3. NOW some election-related news….We have another hanging chad situation in Arizona, it appears. Morons—or Democratic schemers— running some of the polling places in heavily GOP precincts gave voters Sharpie pens to fill in their ballots, and those pens’ marks don’t register with the voting machines.
4. At least Portland voters aren’t as unethical and incompetent as they might be. At one point, the weak, antifa and Black Lives Matter-pandering Portland Mayor Ted Wheeler was behind in double digits—wait, never mind, those were polls, and thus as reliable as a Ouija board. Anyway, Portland voters last night soundly defeated his challenger, Sarah Innarone, who is pro-riot and pro-antifa, as well as being a Communist. She recently wore a skirt honoring, among other murderers, Mao, the worst mass murderer of them all.
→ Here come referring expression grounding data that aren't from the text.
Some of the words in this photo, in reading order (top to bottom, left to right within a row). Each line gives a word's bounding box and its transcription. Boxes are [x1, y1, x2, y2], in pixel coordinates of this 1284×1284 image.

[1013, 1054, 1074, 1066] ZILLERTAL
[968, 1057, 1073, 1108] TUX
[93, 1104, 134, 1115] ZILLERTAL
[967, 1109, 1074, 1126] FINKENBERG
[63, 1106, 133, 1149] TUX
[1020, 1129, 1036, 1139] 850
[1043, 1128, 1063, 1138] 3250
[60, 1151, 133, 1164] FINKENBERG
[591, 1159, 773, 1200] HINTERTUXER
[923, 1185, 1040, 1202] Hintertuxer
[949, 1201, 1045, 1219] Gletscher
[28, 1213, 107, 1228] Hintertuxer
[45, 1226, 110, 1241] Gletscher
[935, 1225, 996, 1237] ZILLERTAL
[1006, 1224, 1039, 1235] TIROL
Portland voters are still incompetent and irresponsible to allow an inept leader like Wheeler to only have an un-American totalitarian like Innarone as an alternative to his continuing in office.
5. More good news: Maybe California isn’t completely irredeemable either! Last night, California voters rejected Proposition 16, which would have repealed the state’s ban on affirmative action policies including the the consideration of race, sex, color, ethnicity or national origin in university admissions, public employment and contracting.